SHEsisEpi, a GPU-enhanced genome-wide SNP-SNP interaction scanning algorithm, efficiently reveals the risk genetic epistasis in bipolar disorder

Hu, Xiaohan; Liu, Qiang; Zhang, Zhao; Li, Zhiqiang; Wang, Shilin; He, Lin; Shi, Yongyong

doi:10.1038/cr.2010.68

Download PDF

Letter to the Editor
Published: 25 May 2010

SHEsisEpi, a GPU-enhanced genome-wide SNP-SNP interaction scanning algorithm, efficiently reveals the risk genetic epistasis in bipolar disorder

Xiaohan Hu¹^na1,
Qiang Liu¹^na1,
Zhao Zhang¹^na1,
Zhiqiang Li¹,
Shilin Wang²,
Lin He^1,3,4 &
…
Yongyong Shi¹

Cell Research volume 20, pages 854–857 (2010)Cite this article

2325 Accesses
54 Citations
Metrics details

Subjects

Dear Editor,

We developed a GPU-based analytical method, named as SHEsisEpi, which purely focuses on risk epistasis in a genome-wide association study (GWAS) of complex traits, excluding the contamination of marginal effects caused by single-locus association. We analyzed the Wellcome Trust Case Control Consortium's (WTCCC) GWAS data of bipolar disorder (BPD) with 500K SNPs. Our algorithm only used 27 h to finish the exhaustive scan and was more than 300 times faster than the CPU-based analysis on our system. Furthermore, by genotyping the top finding that met our criteria (P = 5.37 × 10⁻¹²) and its nearby SNP pairs in another independent 475 BPD patients and 480 normal controls from Chinese Han population, we validated these findings, related with two gene pairs, conferring risk (α = 0.05) to BPD. Binary files and source codes of our program can be downloaded at http://analysis.bio-x.cn from the main menu of SHEsis.

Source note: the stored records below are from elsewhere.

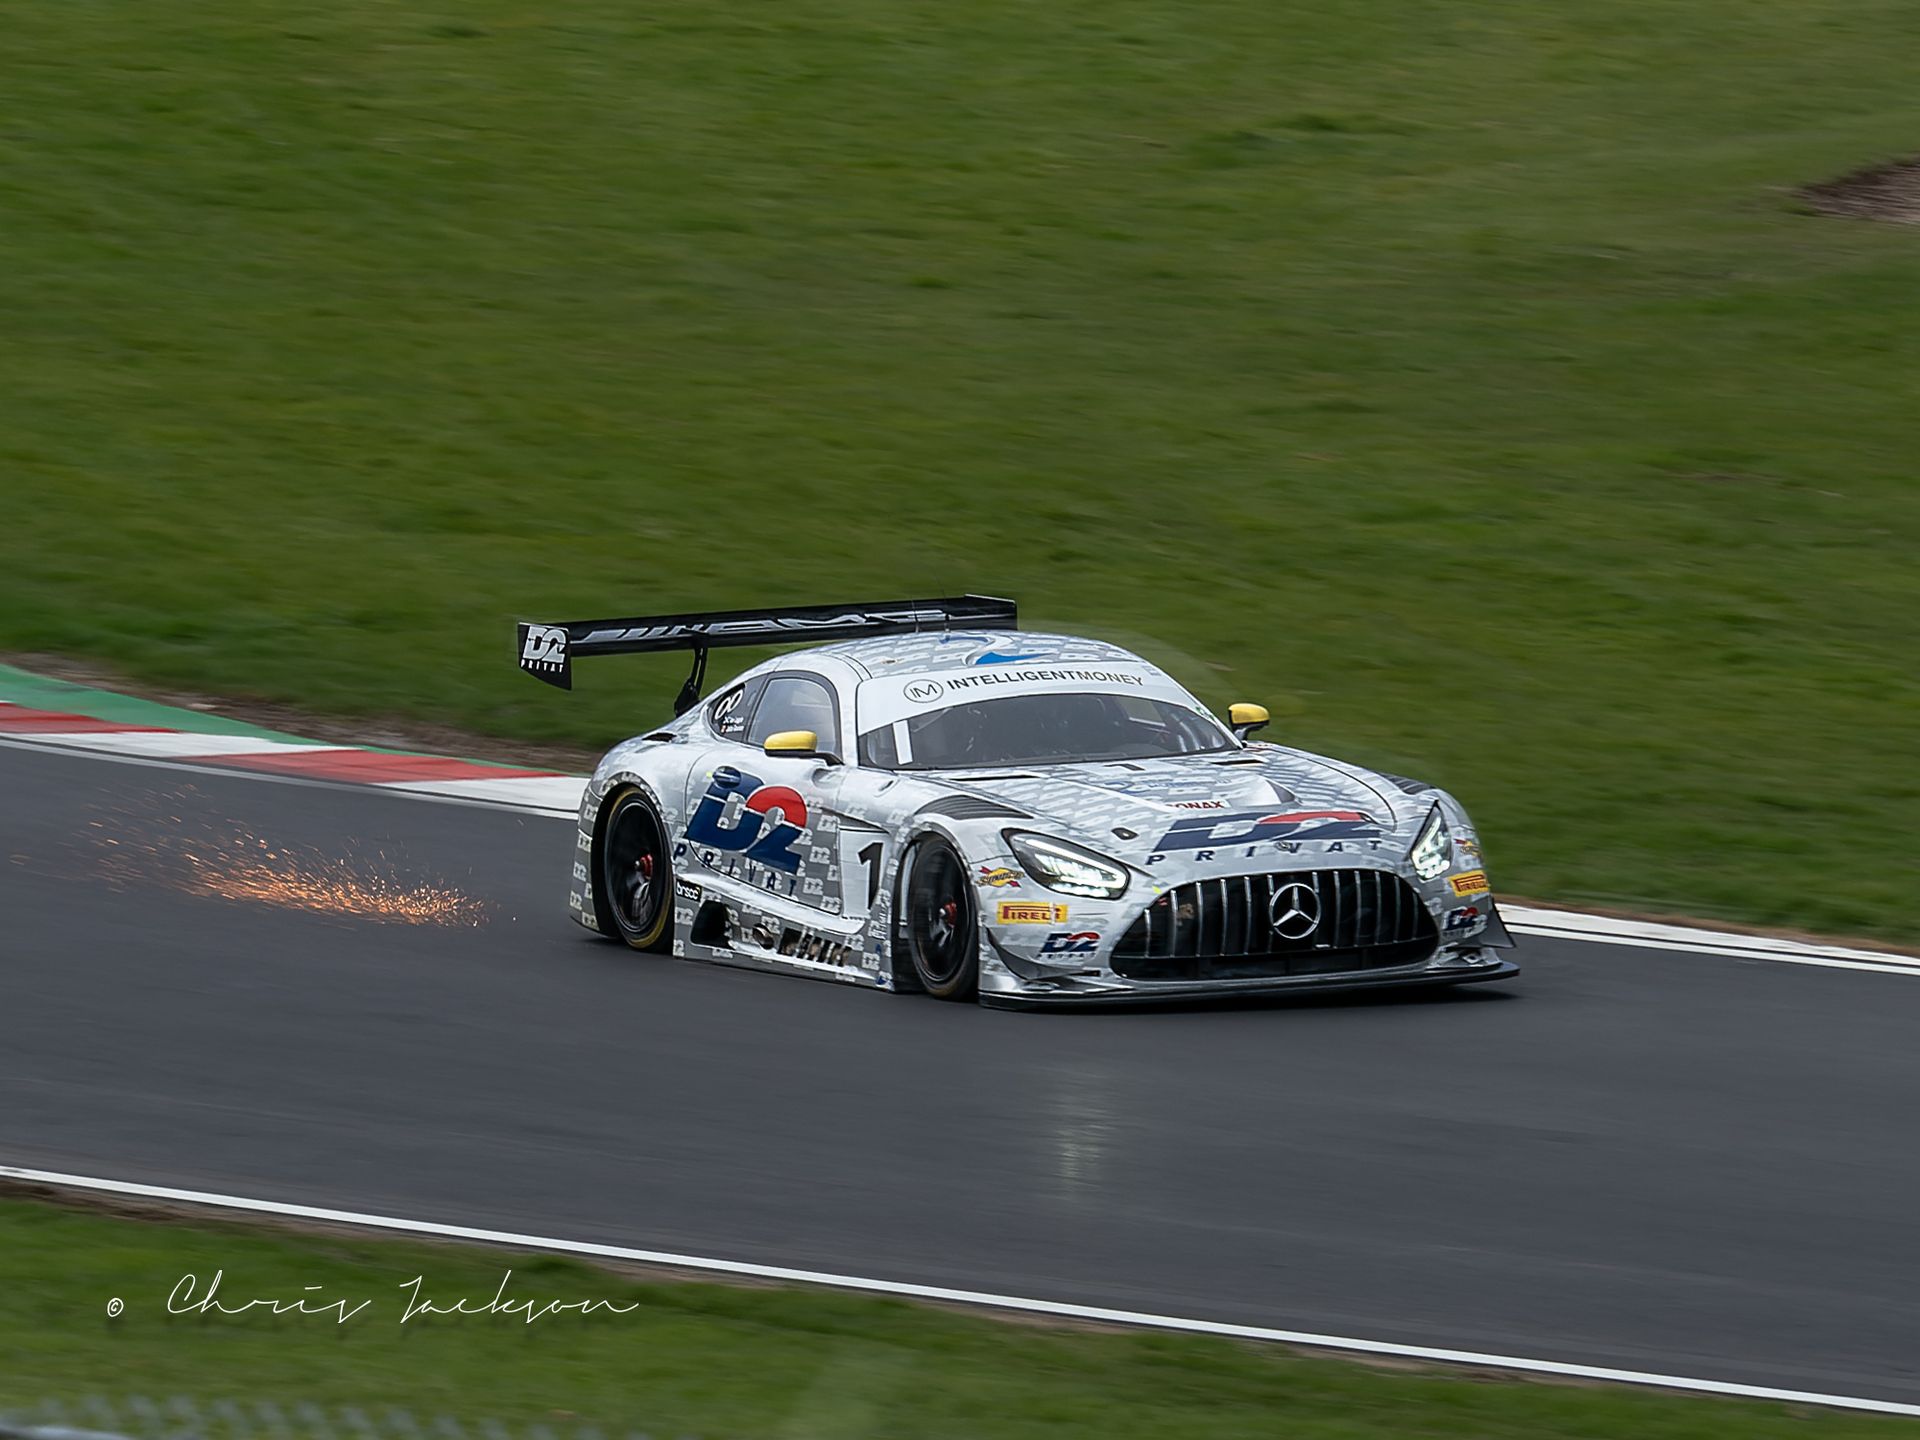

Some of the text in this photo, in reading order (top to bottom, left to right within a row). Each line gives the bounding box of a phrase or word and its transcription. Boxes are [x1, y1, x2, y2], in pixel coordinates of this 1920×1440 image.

[523, 626, 566, 662] D2
[947, 670, 1144, 690] INTELLIGENTMONEY
[1166, 801, 1224, 809] ONAX
[1152, 811, 1380, 853] D2
[1145, 840, 1383, 866] PRIVAT
[673, 842, 797, 897] PRIVAT
[857, 841, 884, 910] 1
[1002, 905, 1061, 920] PIRELI
[1040, 932, 1100, 953] D2

GWAS, which is a simplistic, exhaustive, whole genome 'one SNP at a time' analysis approach focused on single-locus marginal effects ¹, has led to the discovery of a lot of risk loci of complex diseases. But in most cases, there are more than one pathogenic loci. Much empirical evidence has shown that complex traits are broadly affected by interactions among different loci ^{2, 3, 4, 5}. Theoretically there are a variety of purely epistatic disease models, which display no main effects at all ⁶. In this occasion, genome-wide gene-gene interaction analysis is requested to identify hidden multi-locus susceptibility, especially risk interaction effects without contamination of single-locus association.

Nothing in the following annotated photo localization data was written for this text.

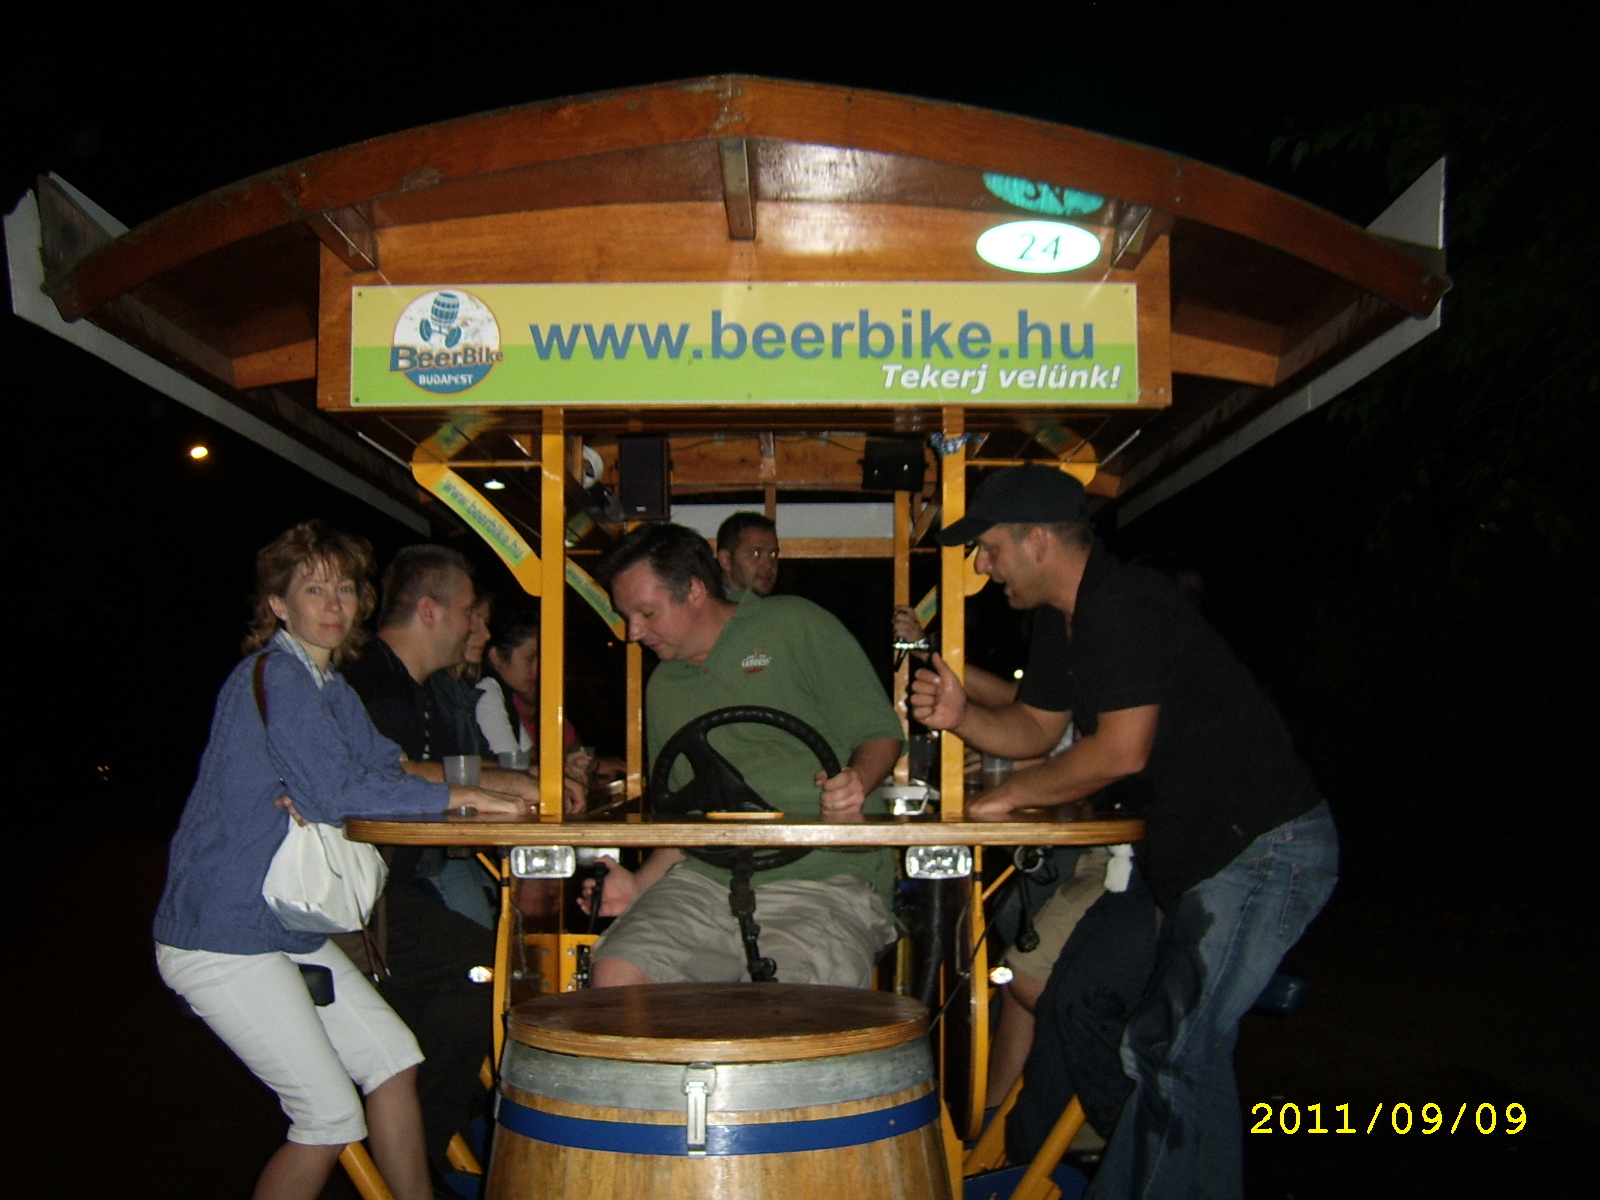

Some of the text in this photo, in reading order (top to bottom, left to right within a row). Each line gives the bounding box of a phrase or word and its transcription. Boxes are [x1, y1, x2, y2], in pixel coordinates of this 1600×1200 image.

[1018, 232, 1061, 261] 24
[529, 309, 1095, 360] www.beerbike.hu
[389, 345, 504, 372] BeerBike
[418, 373, 474, 386] BUDAPEST
[881, 363, 1122, 394] Tekerj velünk!
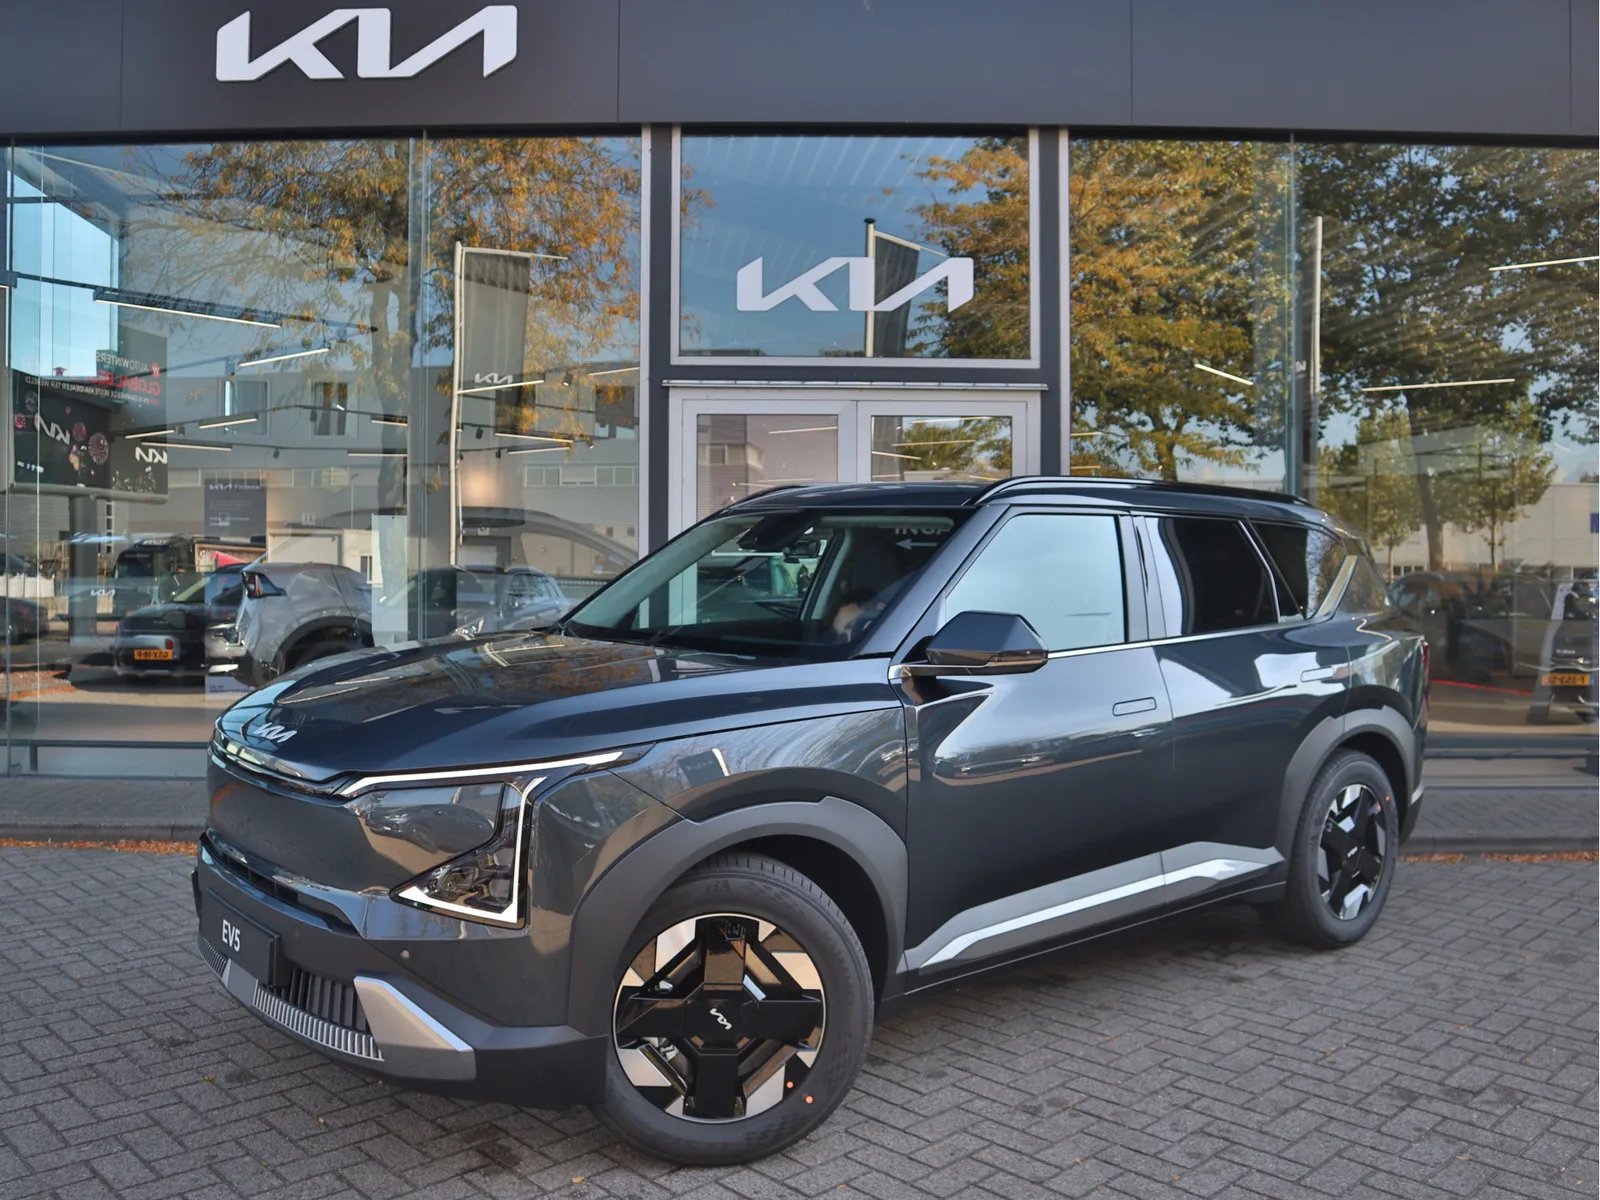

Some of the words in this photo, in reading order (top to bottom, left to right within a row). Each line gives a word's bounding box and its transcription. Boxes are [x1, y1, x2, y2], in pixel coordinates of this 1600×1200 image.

In this study, we used CUDA (Compute Unified Device Architecture) to develop a GPU-based algorithm, named as SHEsisEpi, which can efficiently scan all pairwise SNP-SNP interactions in GWAS, and report purely risk epistasis without single-locus association contamination. Our algorithm focused on the different interaction of genotype between cases and controls. For a SNP pair, there were nine genotype combinations normally. We built 2 × 2 contingency tables by each genotype combination and the clump of other combinations, and then calculated the odds ratio. The final statistic EOR was the quotient of such odds ratios in cases and controls. If the given EOR did not significantly deviate from 1, there was no significant difference of interaction of this genotype combination between cases and controls; otherwise, risk epistasis exited. A Z-test was used to estimate the P-value of EOR. We have shown the mathematical details in Supplementary information, Data S1. We also demonstrated in Supplementary information, Data S2 that our method purely detected risk epistasis, and was not affected by marginal effects of single-locus association. More details on epistasis are discussed in Supplementary information, Data S3.

We implemented our algorithm on a CUDA platform. As only NVIDIA's GPU higher than GeForce8800 series supports CUDA, our platform is composed of two GTX285 video cards with 1G graphic memory individually, and an Intel i7-920 CPU with four cores (2.67 GHz) along with 12G DDR3 1600 memory, and the operating system is Windows Vista 64bit version. The multithread technique was used in order to take advantage of both two GPUs and cover I/O delay. When running the comparative CPU program, another two threads were built and simulated two GPUs' calculation. The essential drivers and libraries could be downloaded from http://www.nvidia.com. We provided more information about GPU programming in Supplementary information, Data S4. Figure 1 shows the flow diagram for the whole process to implement our algorithm on GPU.

Genotype data (Affymetrix 500K) of Caucasian from WTCCC ⁷ were divided into 987 input pairs each with 512 SNPs because it is unpractical to load all SNP data into memory at the same time (e.g. SNPs indexed from 1 to 512 are included in the 1st file, 513 to 1 024 are included in the 2nd file, and so on). We set the number as 512, since it was the maximum number of threads that a block could take under CUDA. In the terminal of a certain chromosome, the quantity may be smaller than 512.

In the accelerator test, eight random file pairs of the whole data set were selected to run on our system. The GPU-based algorithm running on two GPUs was more than 300 times faster than the CPU-based version running on 2 i7-920 CPU cores (More information was provided in Supplementary information, Table S1.). In general cases, considering that there are N pairs of different input files, N internal and N(N−1) external interactions were going to be calculated. With the growth of the input number, time consumption for internal interaction could be ignored and finally the accelerator would be progressive to about 350.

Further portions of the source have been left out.